The entrance photographs were made shortly before the 1936 construction of the Park Avenue viaduct, which rises above street level to wrap around the Grand Central Terminal. Standing in the street, Abbott showed the entrance's heavy colonnade, old street lamps, and gigantic American flags. In a variant taken from the sidewalk, the Grand Central Terminal (1913) and the New York Central Building (1929; now the Helmsley Building) can be seen in the background. Although many rooms retained Victorian furnishings, the furniture in Abbott's photograph is contemporary; the enormous gilt-framed mirror over the mantel might have been original.

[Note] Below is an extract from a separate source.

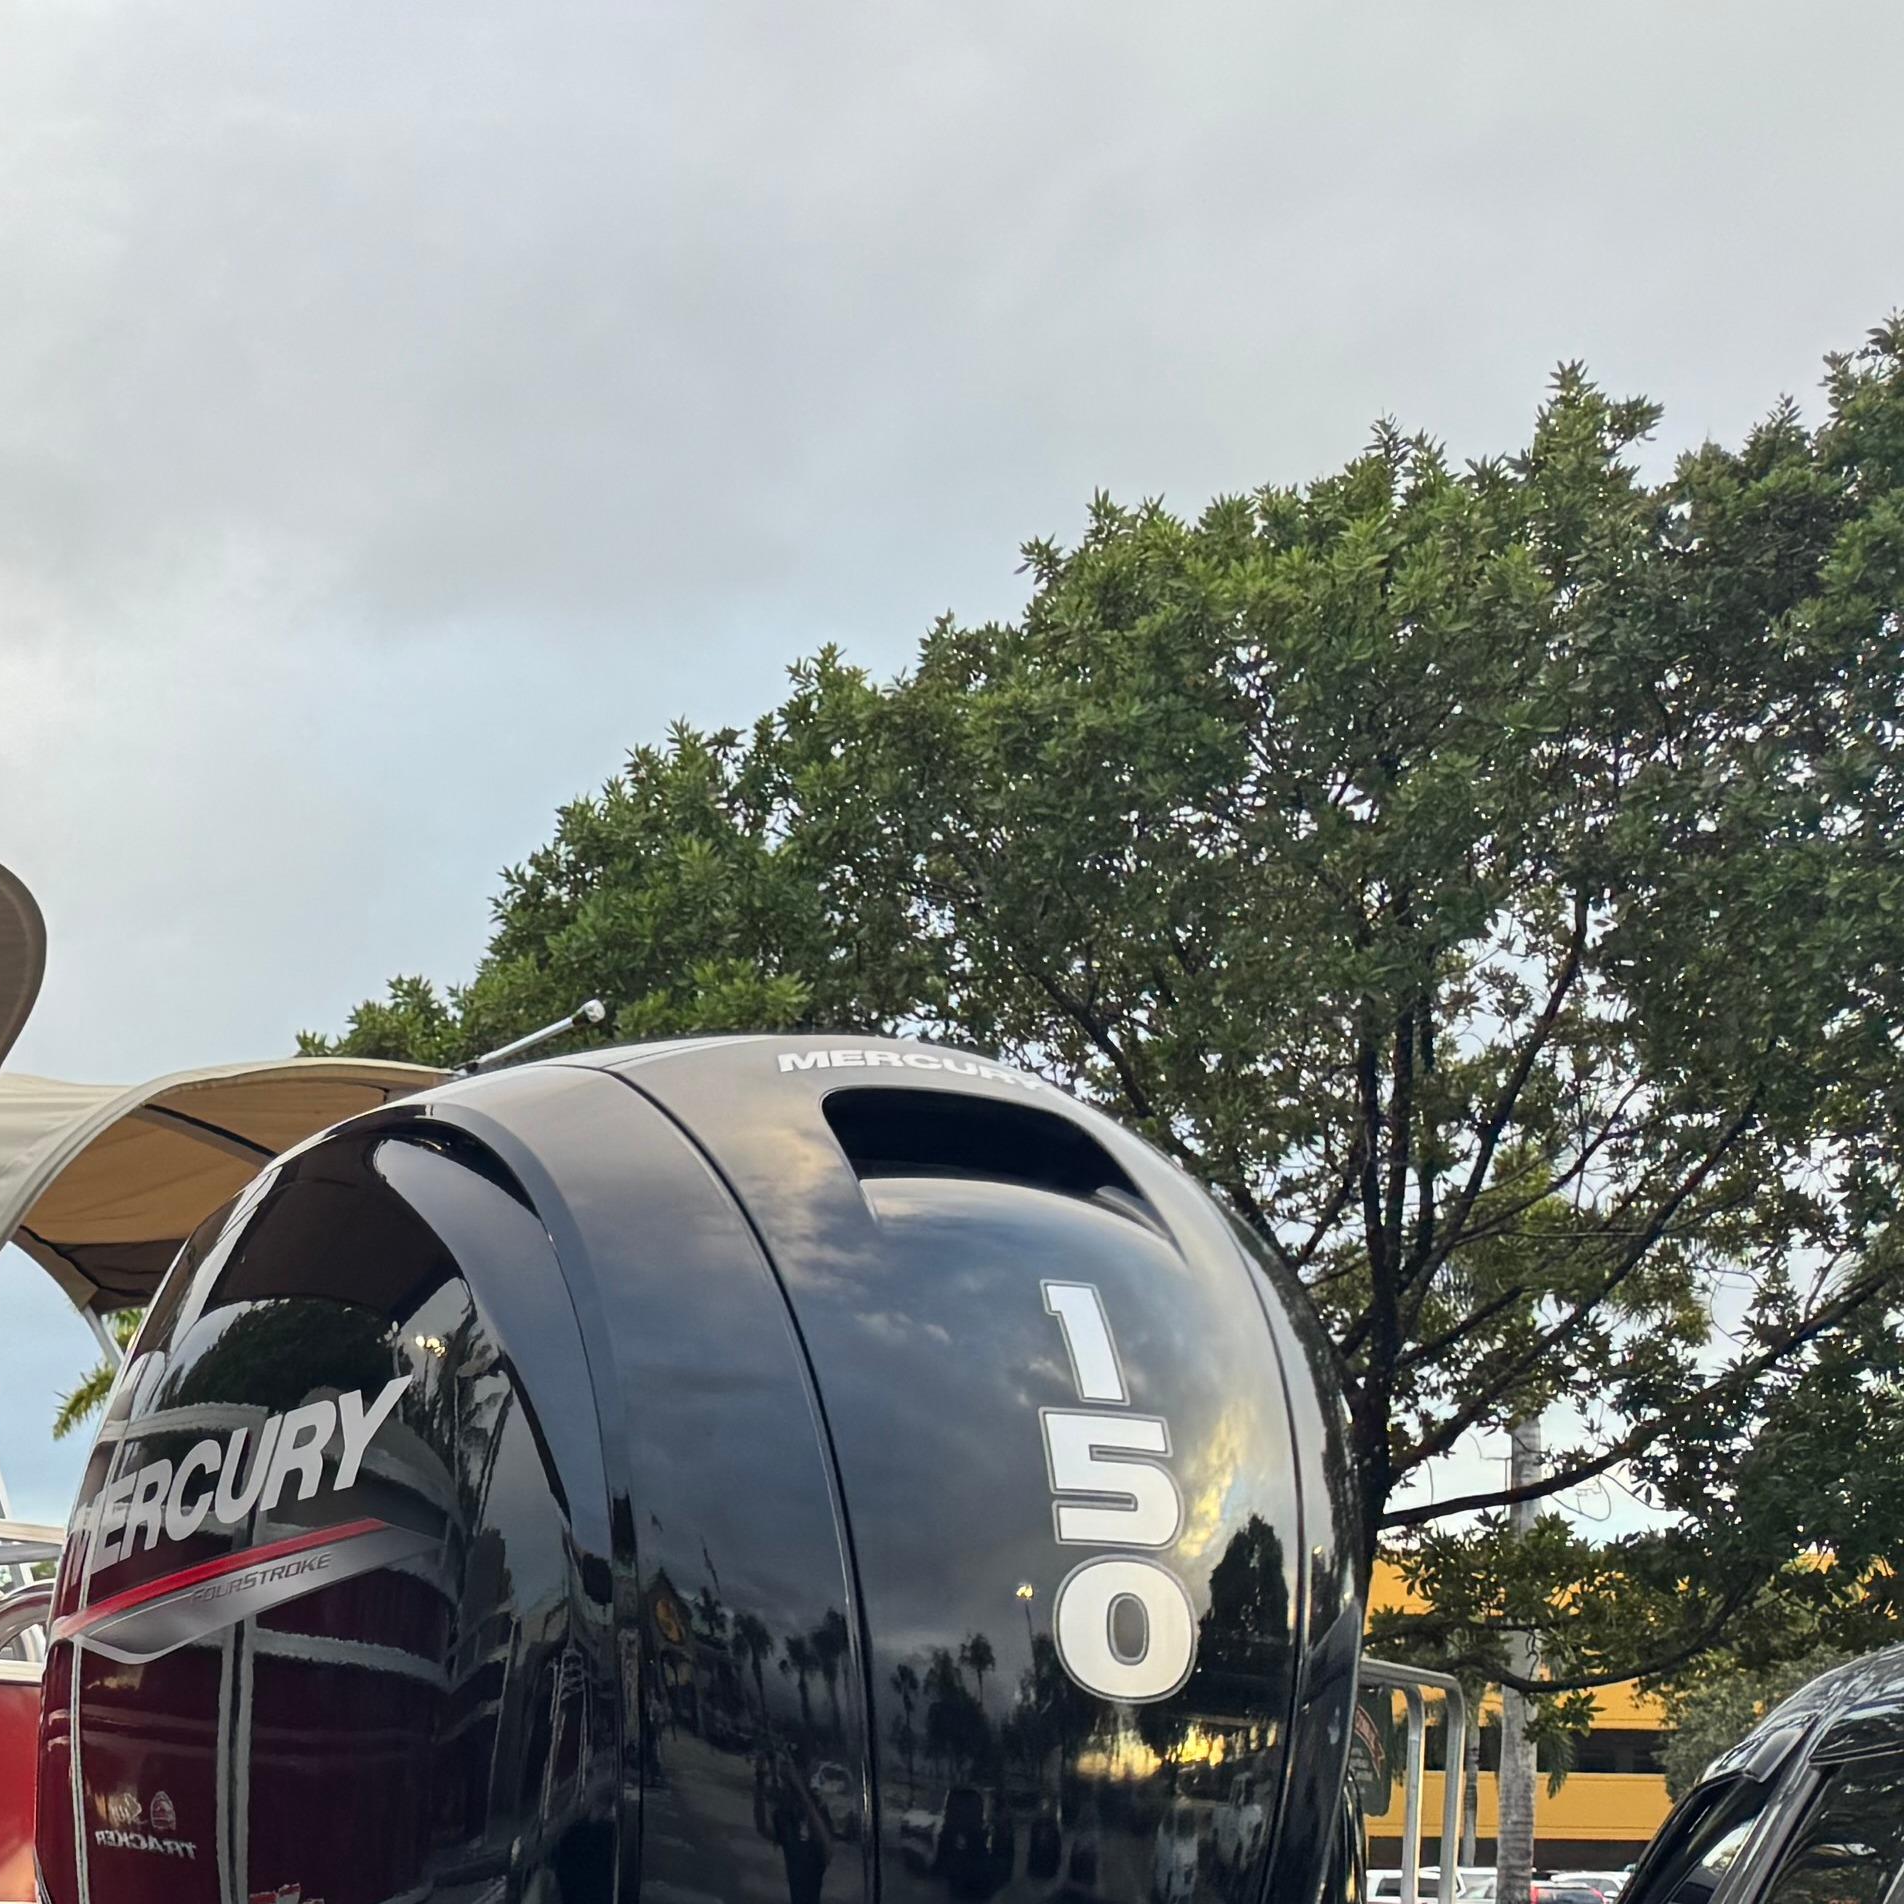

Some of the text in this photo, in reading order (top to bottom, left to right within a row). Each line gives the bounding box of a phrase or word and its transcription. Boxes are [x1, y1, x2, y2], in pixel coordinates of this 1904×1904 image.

[778, 1050, 1045, 1090] MERCURY
[69, 1374, 413, 1587] MERCURY
[1040, 1279, 1198, 1704] 150

Murray Hill Hotel, variant image 3

In the two photographs of the 40th Street facade, Abbott contrasted the hotel's graceful circular balconies with the neighborhood's sleek skyscrapers. In a variant image (3), the Chanin Building (1929) and the Chrysler Building (1930) on Lexington Avenue peek out from behind Park Avenue office buildings. In Murray Hill Hotel: Spiral, Abbott made her point more elegantly by filling the right side of the composition with the hotel's "spiraling" balconies and the left side with the geometric setbacks of 22 East 40th Street, a 45-story skyscraper built in 1931. Although many artists rendered the balconies of the hotel, the balconies were not original; they were added later as fire escapes.

Sold in 1943, the Murray Hill Hotel survived until 1947, when it was demolished for 100 Park Avenue, a 36-story office tower.